* _Exercise requirements_
Repeat the data exactly as given below, dropping every picture.

* _Records for this task_
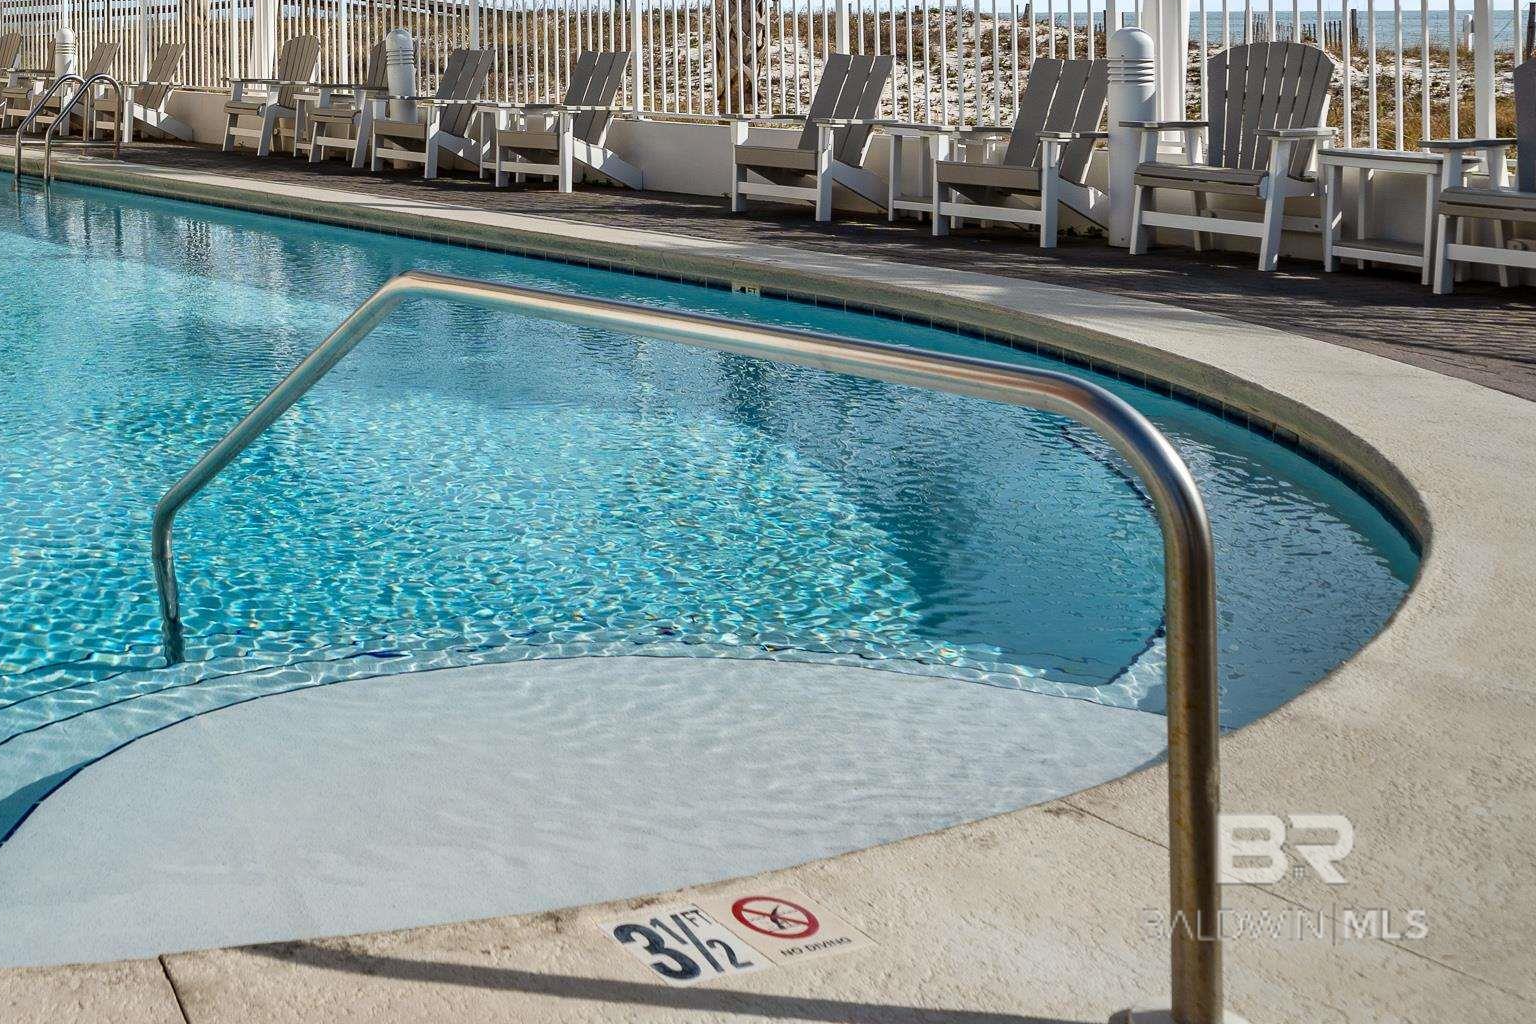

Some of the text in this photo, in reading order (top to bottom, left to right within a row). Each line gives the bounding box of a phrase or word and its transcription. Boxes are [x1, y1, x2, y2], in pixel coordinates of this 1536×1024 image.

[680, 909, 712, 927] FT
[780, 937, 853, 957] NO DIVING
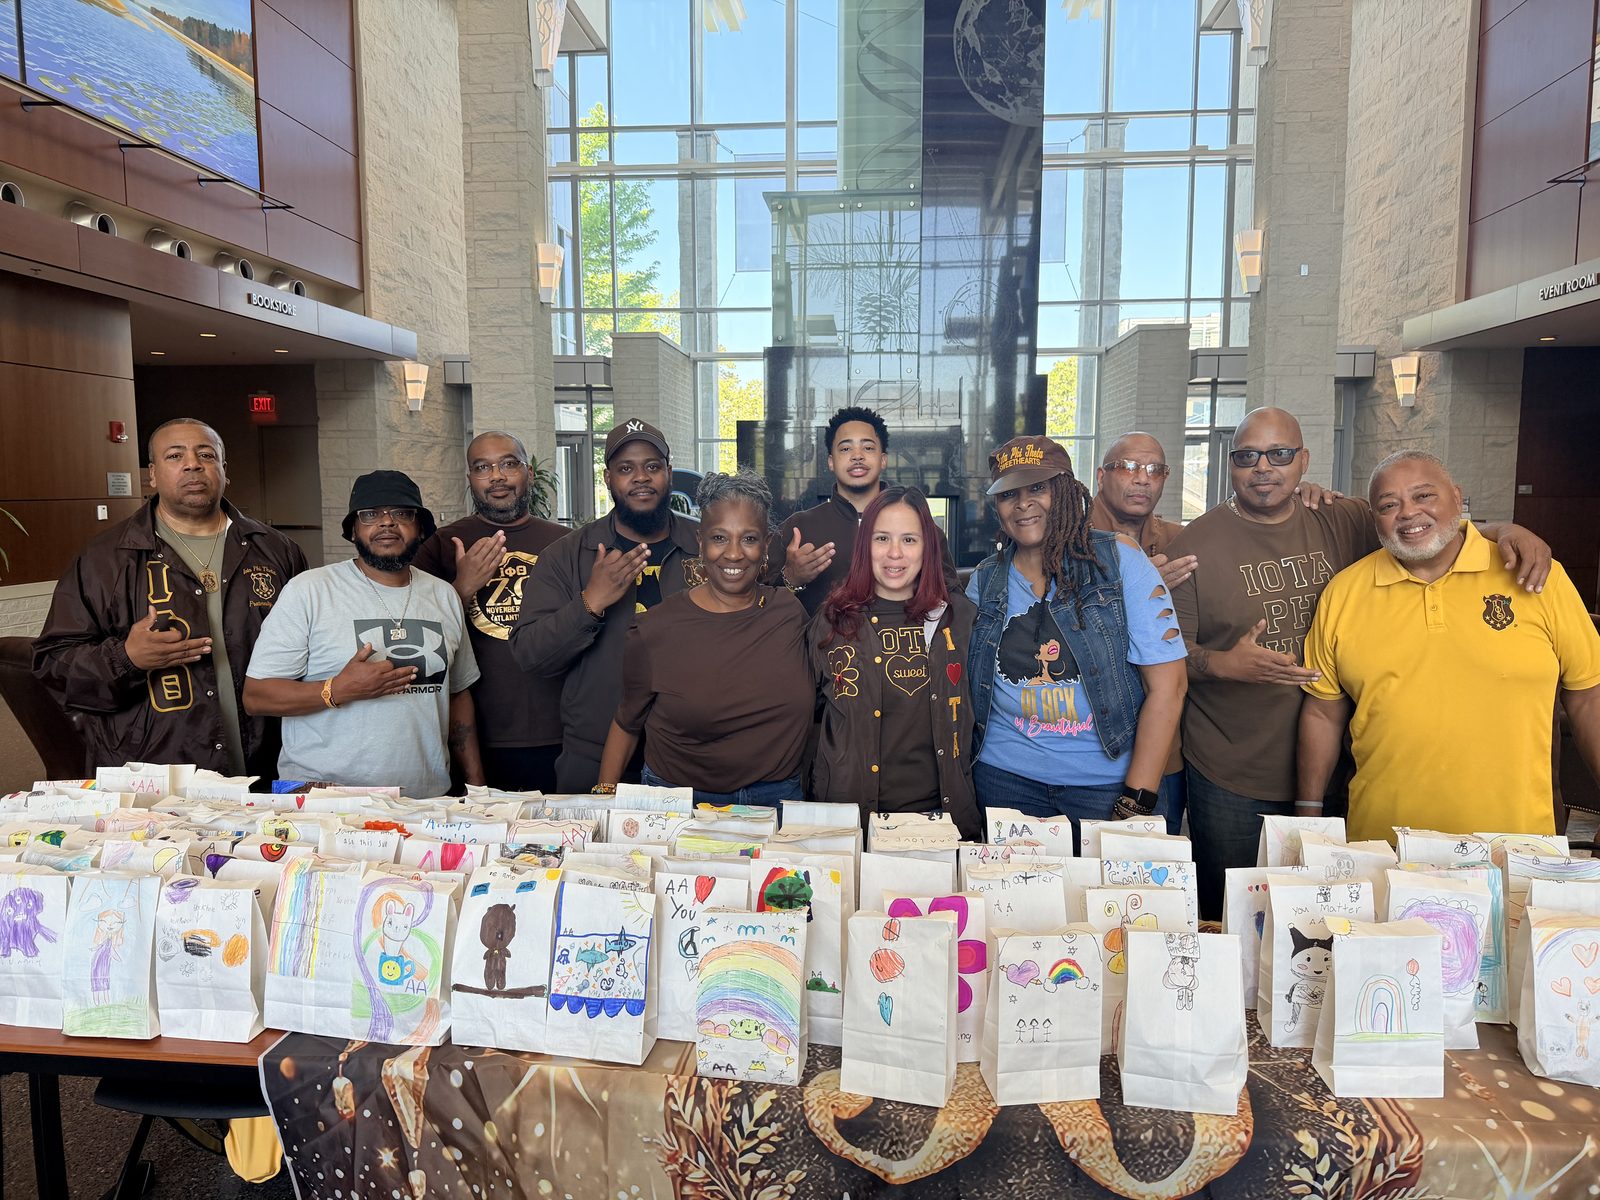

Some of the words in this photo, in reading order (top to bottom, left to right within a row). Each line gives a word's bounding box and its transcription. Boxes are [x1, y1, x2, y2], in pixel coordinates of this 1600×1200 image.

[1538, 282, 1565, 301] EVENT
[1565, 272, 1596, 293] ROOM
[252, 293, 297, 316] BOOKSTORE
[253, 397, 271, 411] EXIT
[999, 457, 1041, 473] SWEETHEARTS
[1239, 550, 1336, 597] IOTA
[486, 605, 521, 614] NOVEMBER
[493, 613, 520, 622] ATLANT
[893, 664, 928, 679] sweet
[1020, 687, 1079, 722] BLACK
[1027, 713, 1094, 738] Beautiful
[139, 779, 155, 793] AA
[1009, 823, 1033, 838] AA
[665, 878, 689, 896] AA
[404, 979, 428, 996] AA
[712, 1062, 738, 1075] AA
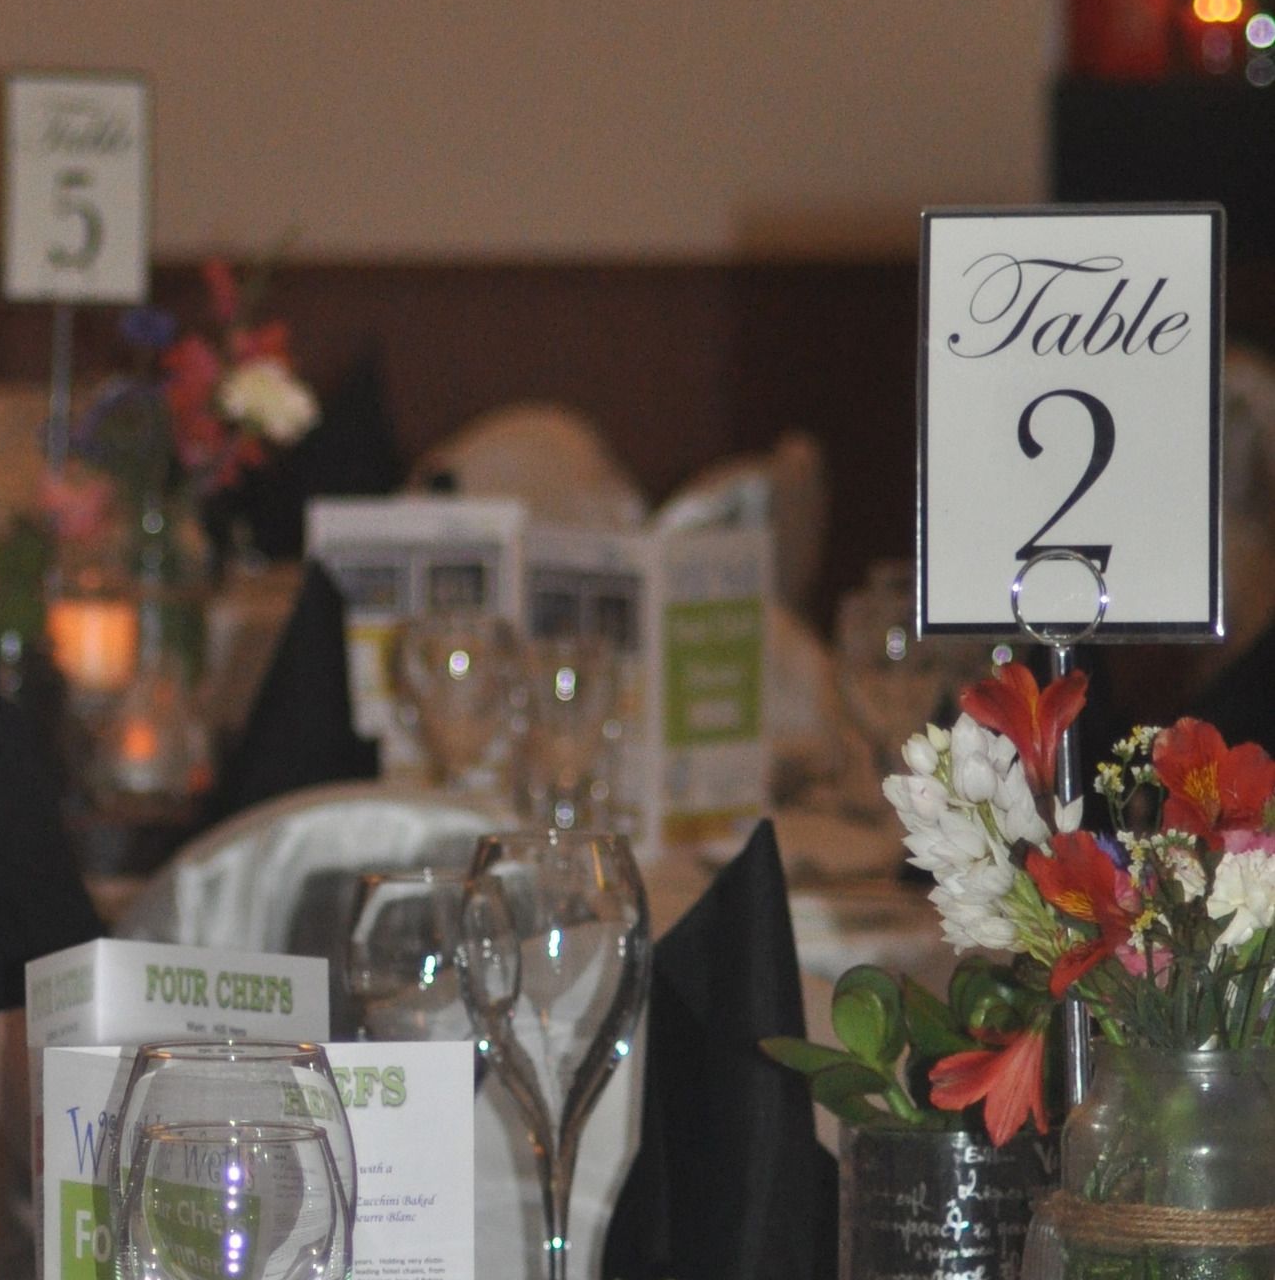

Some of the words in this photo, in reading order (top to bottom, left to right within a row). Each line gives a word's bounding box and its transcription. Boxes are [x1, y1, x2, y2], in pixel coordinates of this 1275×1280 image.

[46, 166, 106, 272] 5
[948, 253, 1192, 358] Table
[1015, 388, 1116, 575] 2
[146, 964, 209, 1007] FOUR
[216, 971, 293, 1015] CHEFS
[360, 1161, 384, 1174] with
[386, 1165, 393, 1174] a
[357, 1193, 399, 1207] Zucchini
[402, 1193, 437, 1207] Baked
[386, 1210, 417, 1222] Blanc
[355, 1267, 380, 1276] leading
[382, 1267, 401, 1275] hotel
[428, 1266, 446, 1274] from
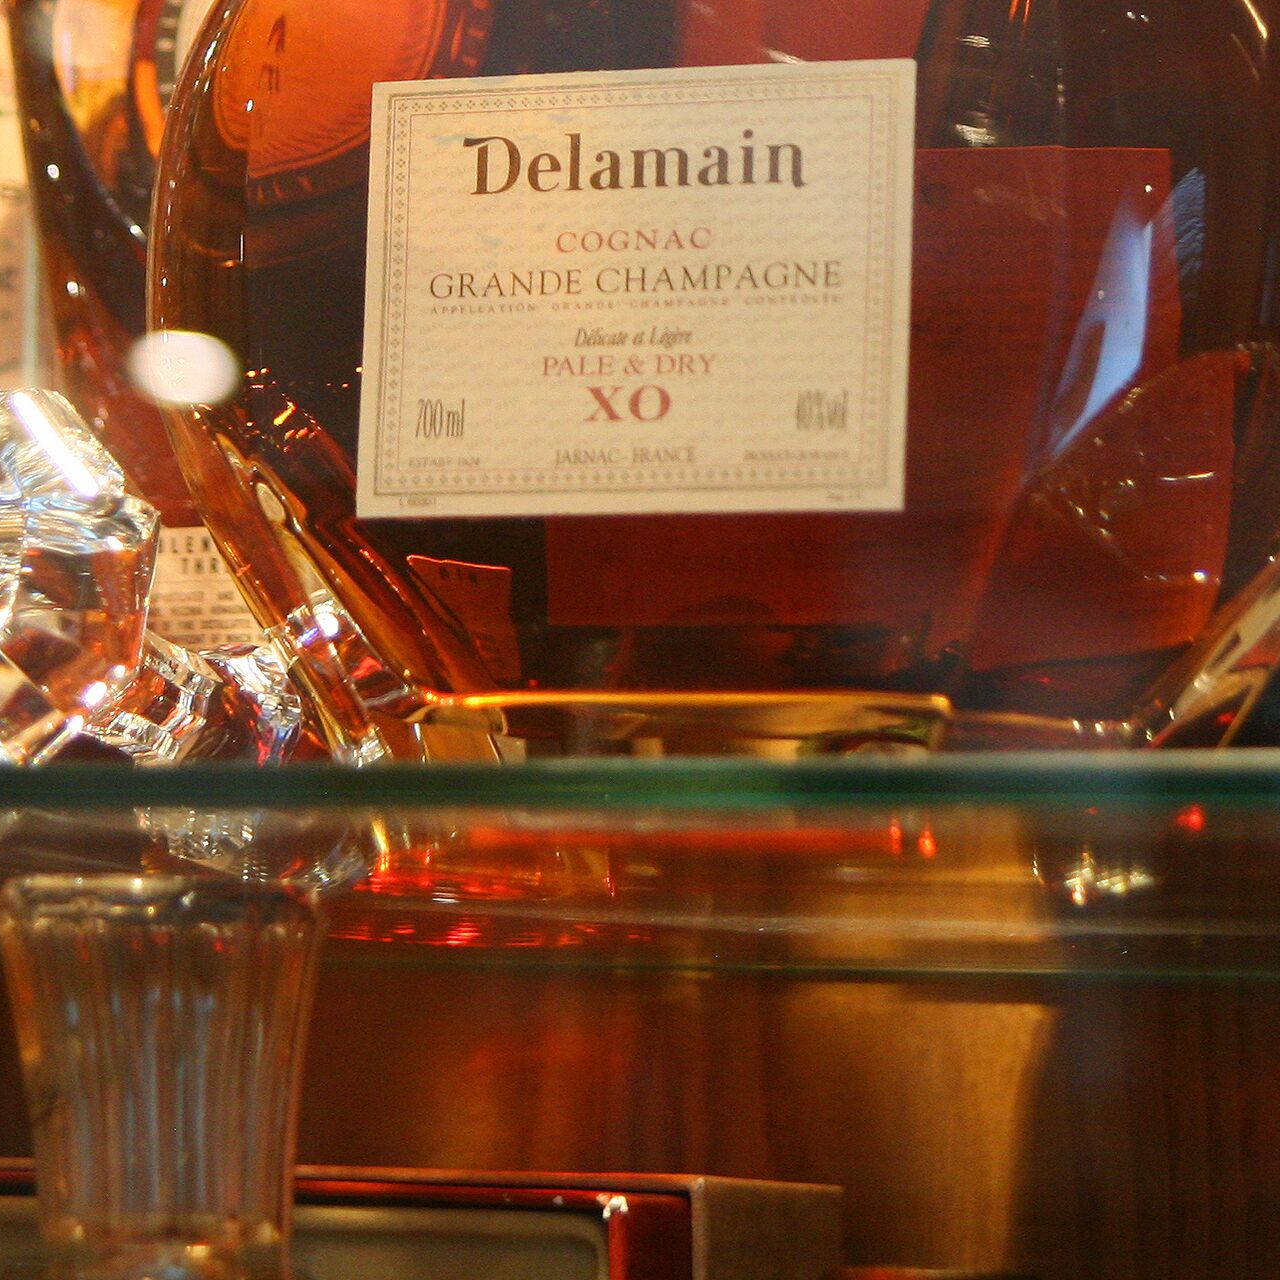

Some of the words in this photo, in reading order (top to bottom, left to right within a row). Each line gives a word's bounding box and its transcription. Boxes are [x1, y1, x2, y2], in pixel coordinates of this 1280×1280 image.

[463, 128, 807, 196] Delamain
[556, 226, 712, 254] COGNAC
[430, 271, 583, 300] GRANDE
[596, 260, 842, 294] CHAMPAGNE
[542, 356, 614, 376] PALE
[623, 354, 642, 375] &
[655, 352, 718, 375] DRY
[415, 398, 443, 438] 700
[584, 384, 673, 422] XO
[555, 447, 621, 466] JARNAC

* _Solution to the exercise_
Some of the text in this photo, in reading order (top to bottom, left to right within a row). Each line gives the bounding box of a phrase or word and its transcription. Boxes are [x1, y1, x2, y2], in pixel coordinates of this 1536×1024 image.

[680, 909, 712, 927] FT
[780, 937, 853, 957] NO DIVING

Some of the words in this photo, in reading order (top to bottom, left to right within a row). Each line gives a word's bounding box and its transcription. Boxes are [x1, y1, x2, y2], in pixel coordinates of this 1600×1200 image.

[1538, 282, 1565, 301] EVENT
[1565, 272, 1596, 293] ROOM
[252, 293, 297, 316] BOOKSTORE
[253, 397, 271, 411] EXIT
[999, 457, 1041, 473] SWEETHEARTS
[1239, 550, 1336, 597] IOTA
[486, 605, 521, 614] NOVEMBER
[493, 613, 520, 622] ATLANT
[893, 664, 928, 679] sweet
[1020, 687, 1079, 722] BLACK
[1027, 713, 1094, 738] Beautiful
[139, 779, 155, 793] AA
[1009, 823, 1033, 838] AA
[665, 878, 689, 896] AA
[404, 979, 428, 996] AA
[712, 1062, 738, 1075] AA

Some of the words in this photo, in reading order (top to bottom, left to right within a row). Each line gives a word's bounding box and its transcription. Boxes are [x1, y1, x2, y2], in pixel coordinates of this 1275×1280 image.

[46, 166, 106, 272] 5
[948, 253, 1192, 358] Table
[1015, 388, 1116, 575] 2
[146, 964, 209, 1007] FOUR
[216, 971, 293, 1015] CHEFS
[360, 1161, 384, 1174] with
[386, 1165, 393, 1174] a
[357, 1193, 399, 1207] Zucchini
[402, 1193, 437, 1207] Baked
[386, 1210, 417, 1222] Blanc
[355, 1267, 380, 1276] leading
[382, 1267, 401, 1275] hotel
[428, 1266, 446, 1274] from

Some of the words in this photo, in reading order (top to bottom, left to right within a row). Each line gives a word's bounding box and its transcription. Boxes are [x1, y1, x2, y2], in pixel coordinates of this 1280×1280 image.

[463, 128, 807, 196] Delamain
[556, 226, 712, 254] COGNAC
[430, 271, 583, 300] GRANDE
[596, 260, 842, 294] CHAMPAGNE
[542, 356, 614, 376] PALE
[623, 354, 642, 375] &
[655, 352, 718, 375] DRY
[415, 398, 443, 438] 700
[584, 384, 673, 422] XO
[555, 447, 621, 466] JARNAC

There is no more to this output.